◆ **INSTRUCTIONS FOR THE TASK**: Having found the line containing "Some of the text" in the records below, copy that line and each later one exactly, dropping pictures.

Stored records:
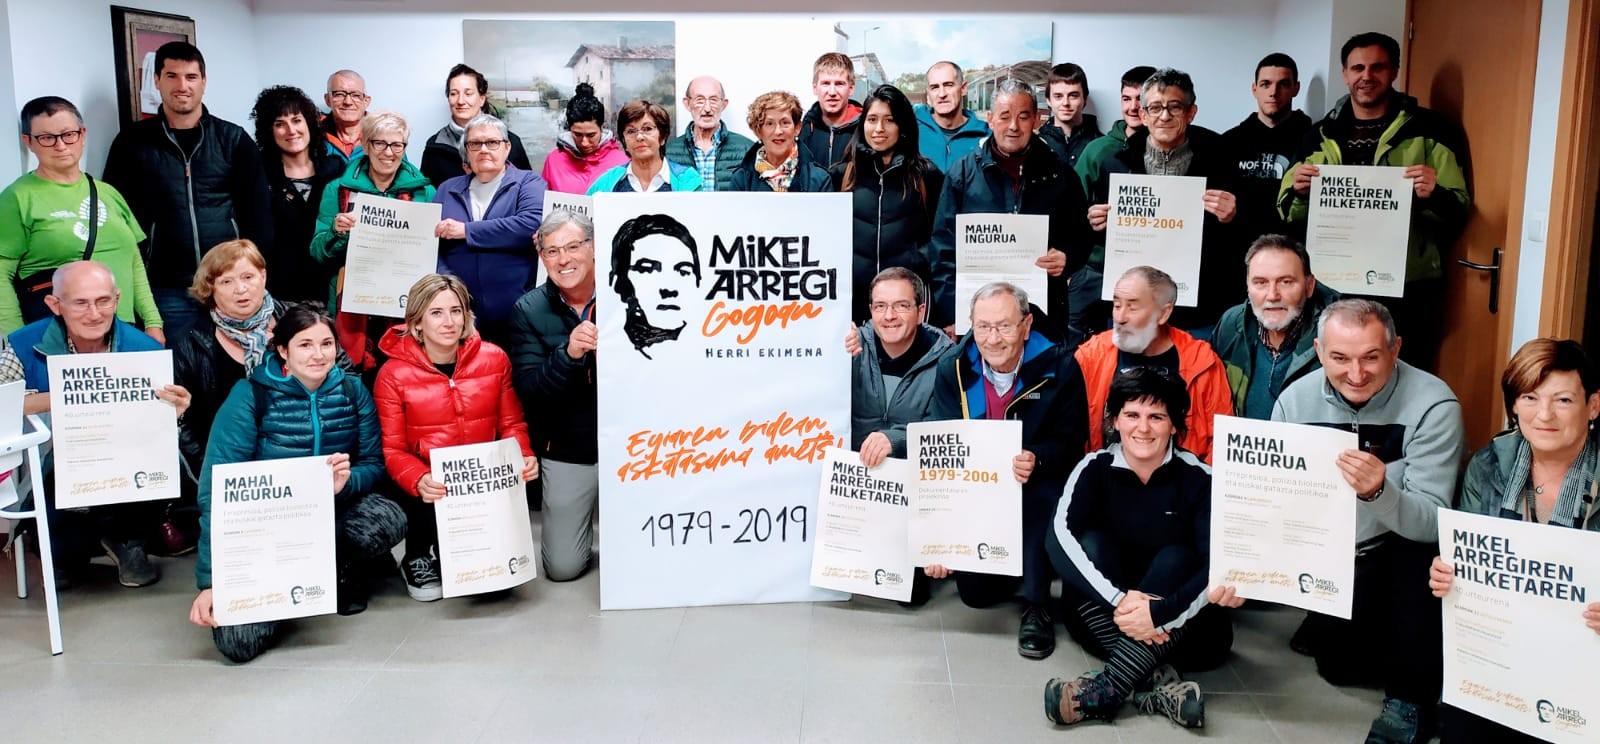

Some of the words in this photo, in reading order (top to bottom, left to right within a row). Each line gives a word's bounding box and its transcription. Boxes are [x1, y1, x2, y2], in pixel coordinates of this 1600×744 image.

[1321, 176, 1360, 188] MIKEL
[1118, 185, 1155, 196] MIKEL
[1320, 187, 1392, 199] ARREGIREN
[1118, 196, 1161, 207] ARREGI
[1320, 198, 1398, 210] HILKETAREN
[362, 204, 396, 219] MAHAI
[1117, 206, 1156, 218] MARIN
[360, 214, 410, 230] INGURUA
[965, 224, 1002, 234] MAHAI
[1116, 217, 1184, 230] 1979-2004
[965, 234, 1016, 244] INGURUA
[705, 268, 837, 301] ARREGI
[706, 348, 750, 358] HERRI
[759, 348, 823, 358] EKIMENA
[62, 366, 112, 380] MIKEL
[63, 378, 151, 392] ARREGIREN
[64, 389, 160, 406] HILKETAREN
[919, 434, 964, 446] MIKEL
[1227, 433, 1284, 454] MAHAI
[919, 446, 970, 458] ARREGI
[1227, 448, 1308, 471] INGURUA
[442, 458, 484, 472] MIKEL
[832, 460, 872, 478] MIKEL
[919, 458, 965, 470] MARIN
[224, 474, 273, 490] MAHAI
[444, 464, 514, 485] ARREGIREN
[920, 469, 999, 484] 1979-2004
[445, 474, 519, 497] HILKETAREN
[830, 473, 904, 494] ARREGIREN
[224, 486, 293, 503] INGURUA
[830, 484, 909, 508] HILKETAREN
[641, 506, 808, 547] 1979-2019
[1452, 528, 1516, 556] MIKEL
[1452, 546, 1574, 583] ARREGIREN
[1454, 562, 1586, 604] HILKETAREN
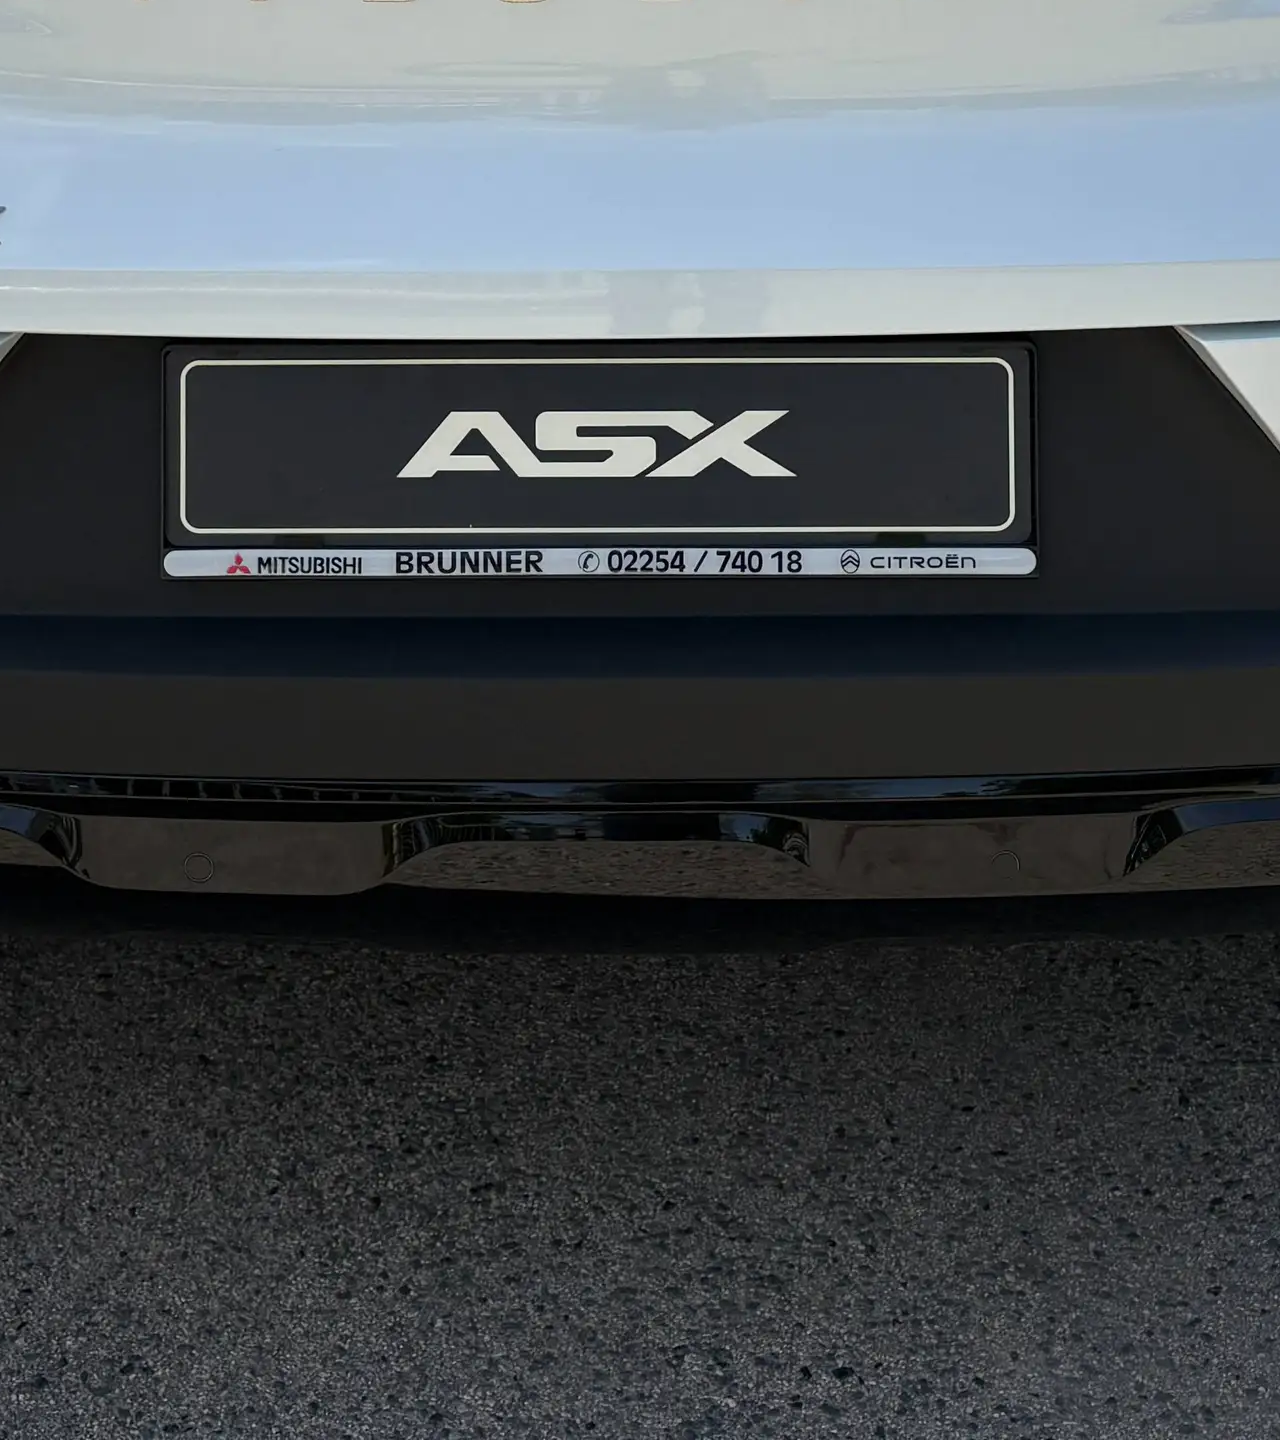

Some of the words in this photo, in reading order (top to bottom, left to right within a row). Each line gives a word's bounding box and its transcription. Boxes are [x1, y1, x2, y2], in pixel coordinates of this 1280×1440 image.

[396, 410, 798, 478] ASX
[257, 556, 363, 575] MITSUBISHI
[395, 551, 544, 574] BRUNNER
[607, 550, 686, 573] 02254
[693, 550, 708, 573] /
[716, 550, 764, 573] 740
[771, 550, 803, 573] 18
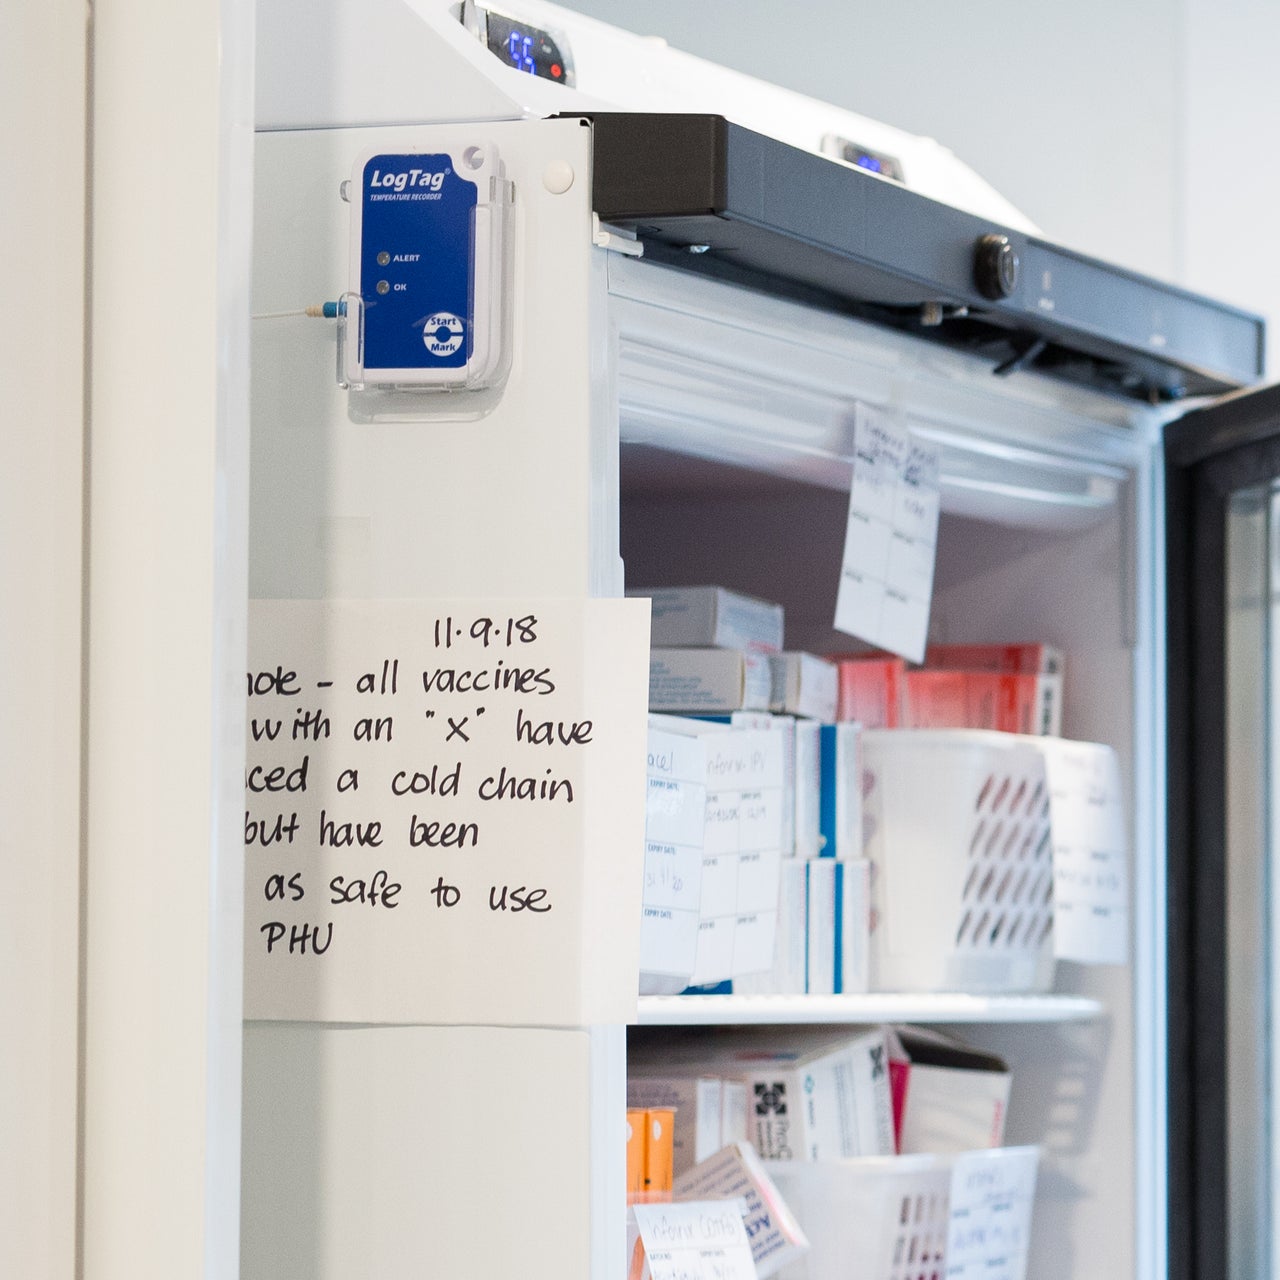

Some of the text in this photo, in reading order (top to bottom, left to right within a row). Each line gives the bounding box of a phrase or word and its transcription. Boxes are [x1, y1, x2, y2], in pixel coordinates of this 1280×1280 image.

[370, 193, 411, 201] TEMPERATURE
[393, 254, 421, 262] ALERT
[430, 316, 457, 326] Start
[430, 342, 457, 352] Mark
[356, 659, 399, 695] all
[423, 659, 556, 696] vaccines
[251, 708, 331, 742] with
[353, 715, 394, 743] an
[516, 708, 594, 746] have
[244, 755, 574, 803] ced a cold chain
[244, 809, 479, 848] but have been
[264, 870, 552, 913] as safe to use
[260, 922, 334, 955] PHU
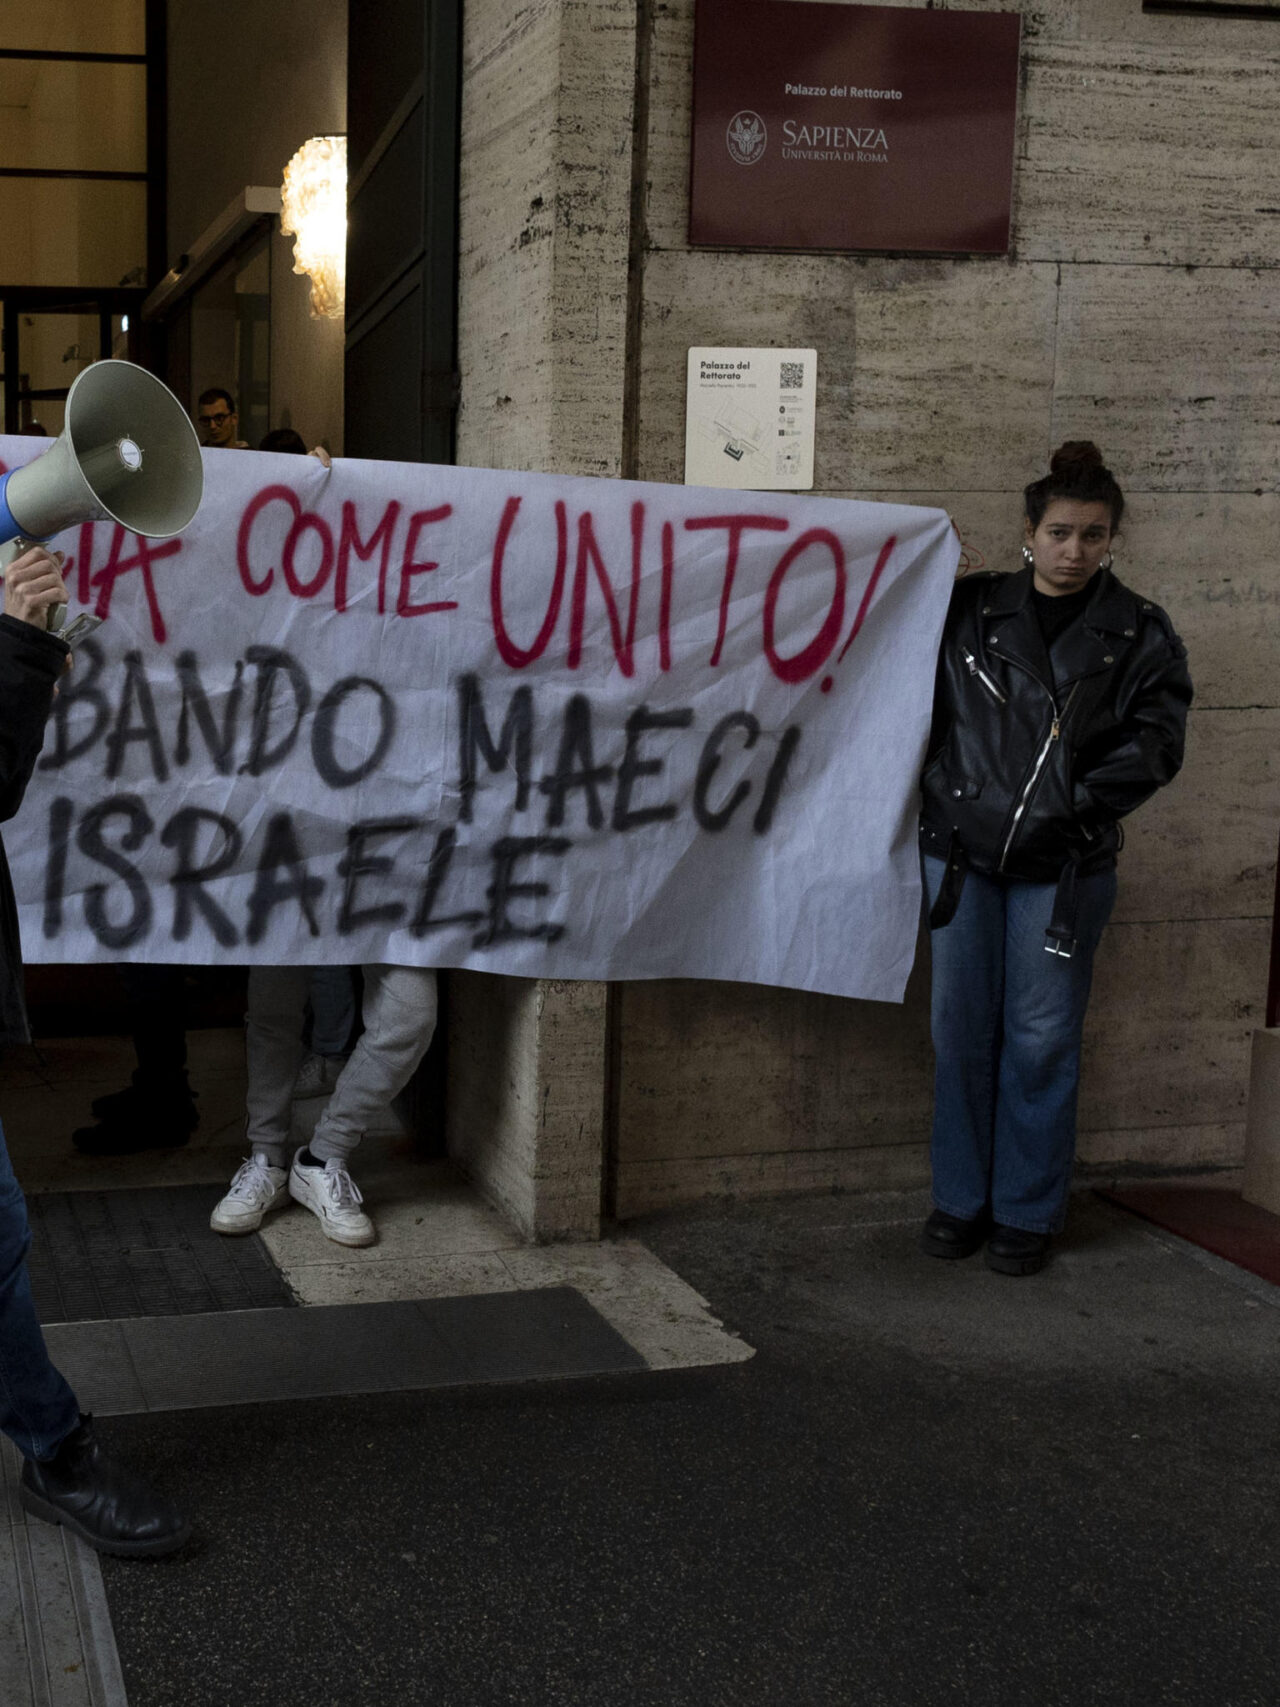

◆ **THE COMPLETED TASK**:
Some of the text in this photo, in reading order (top to bottom, left to right within a row). Each line gives the bounding box of a phrase or word and its transcription. Boxes are [x1, y1, x2, y2], in pixel coordinates of this 1280×1280 image.

[370, 193, 411, 201] TEMPERATURE
[393, 254, 421, 262] ALERT
[430, 316, 457, 326] Start
[430, 342, 457, 352] Mark
[356, 659, 399, 695] all
[423, 659, 556, 696] vaccines
[251, 708, 331, 742] with
[353, 715, 394, 743] an
[516, 708, 594, 746] have
[244, 755, 574, 803] ced a cold chain
[244, 809, 479, 848] but have been
[264, 870, 552, 913] as safe to use
[260, 922, 334, 955] PHU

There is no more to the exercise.